Work request
Set the listing down again exactly, please, apart from its pictures.
____________
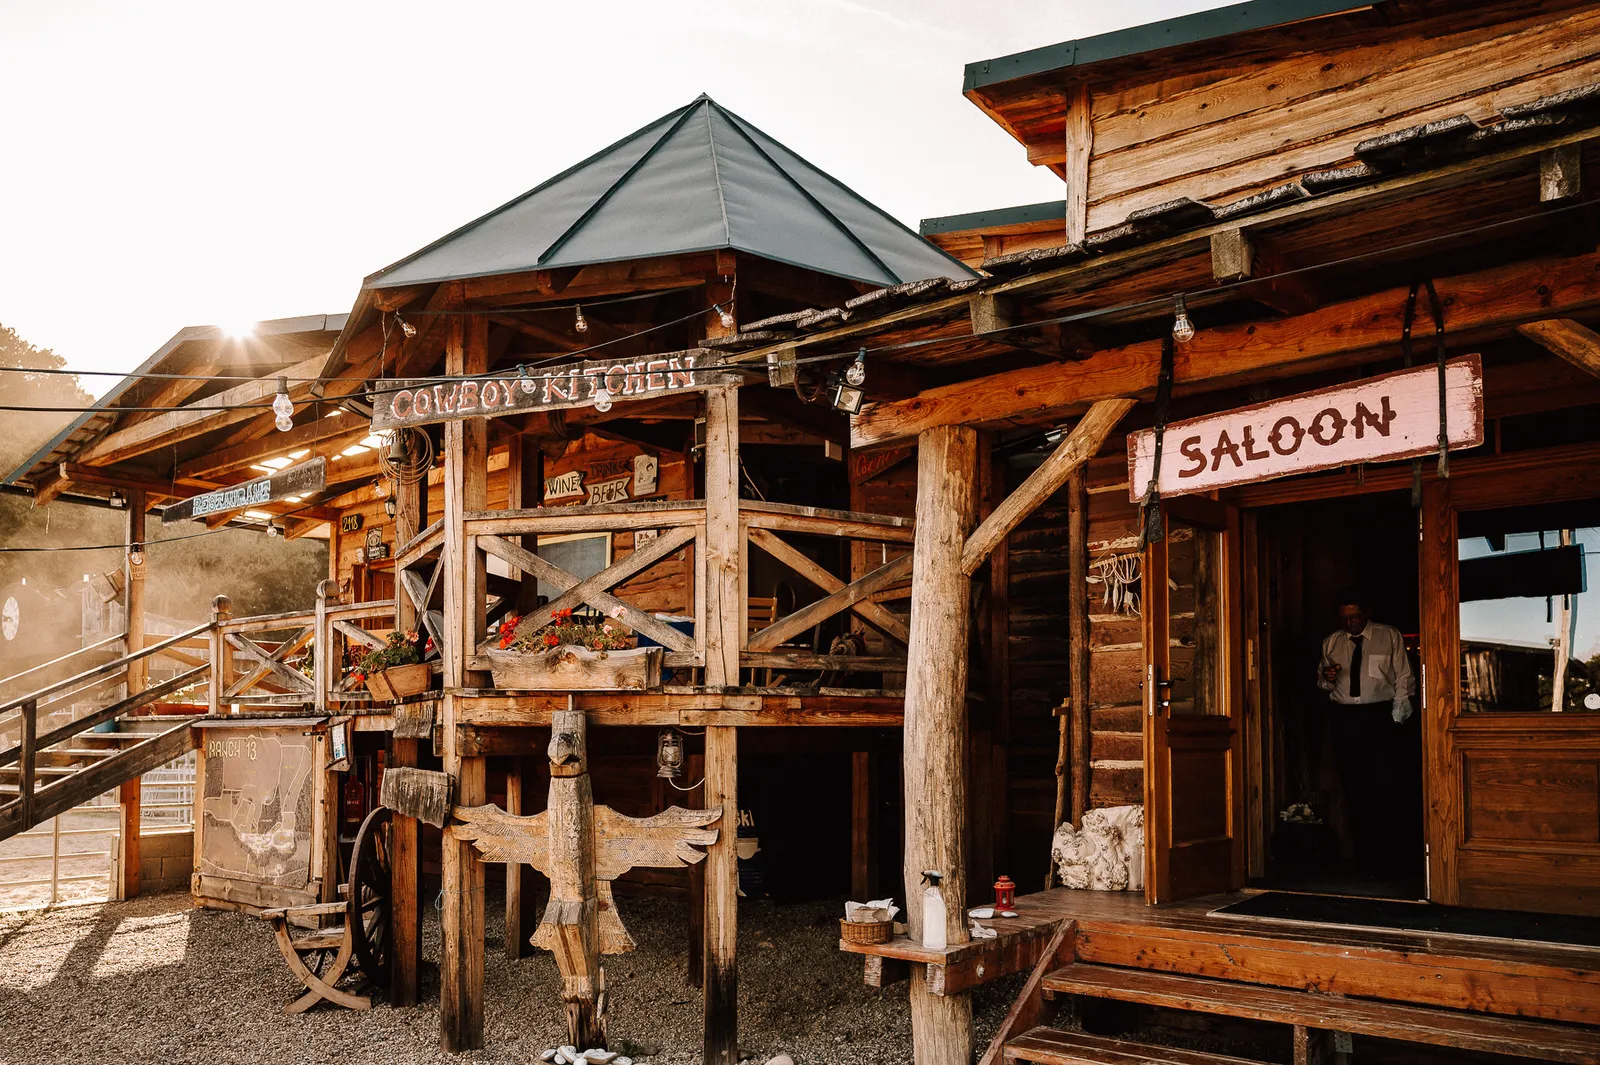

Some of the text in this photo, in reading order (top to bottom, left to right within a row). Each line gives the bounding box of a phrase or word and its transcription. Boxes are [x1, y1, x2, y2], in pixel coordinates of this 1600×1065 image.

[390, 356, 695, 419] COWBOY KITCHEN
[1177, 395, 1397, 479] SALOON
[192, 479, 271, 517] RESTAURANT
[547, 475, 578, 496] WINE
[592, 480, 625, 505] BEER
[209, 740, 257, 761] RANCH 13
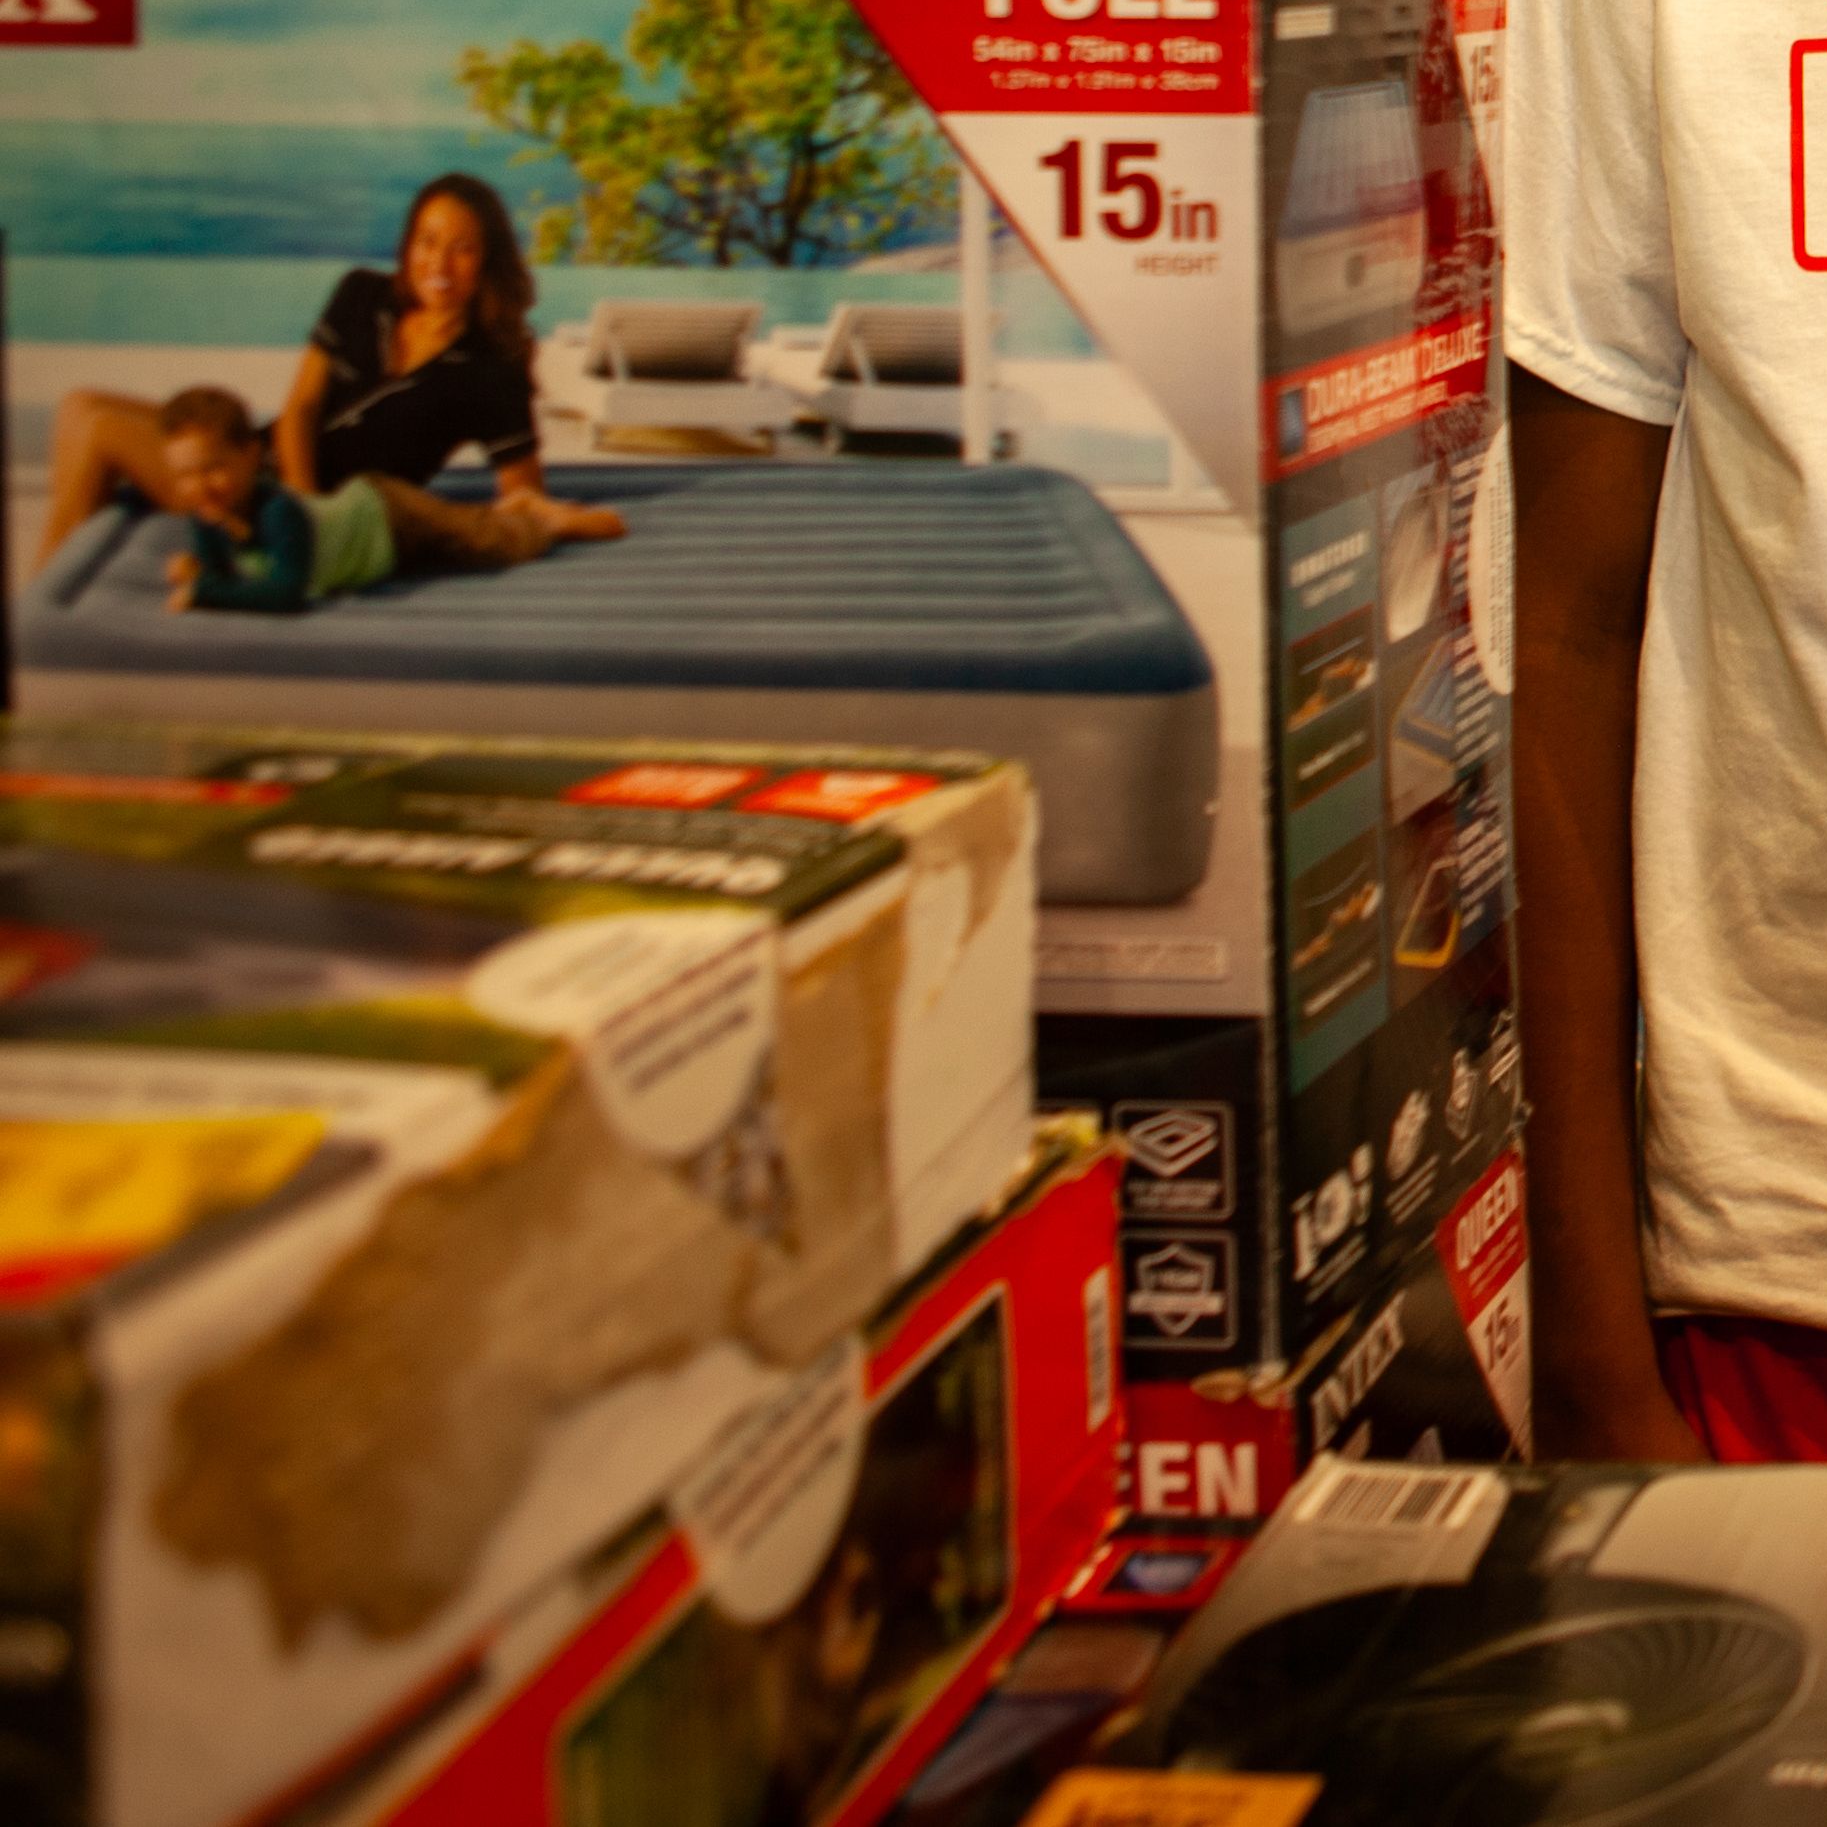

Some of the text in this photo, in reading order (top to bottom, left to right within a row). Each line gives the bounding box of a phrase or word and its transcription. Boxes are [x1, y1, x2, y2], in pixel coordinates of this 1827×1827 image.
____________
Reply
Some of the text in this photo, in reading order (top to bottom, left to right within a row). Each line gives the bounding box of a phrase or word and its transcription. Boxes are [x1, y1, x2, y2], in pixel coordinates of this 1600×1065 image.

[390, 356, 695, 419] COWBOY KITCHEN
[1177, 395, 1397, 479] SALOON
[192, 479, 271, 517] RESTAURANT
[547, 475, 578, 496] WINE
[592, 480, 625, 505] BEER
[209, 740, 257, 761] RANCH 13

Some of the text in this photo, in reading order (top to bottom, left to right within a row). Each line gives the bounding box of a phrase or word and its transcription. Boxes are [x1, y1, x2, y2], in pixel coordinates of this 1827×1827 image.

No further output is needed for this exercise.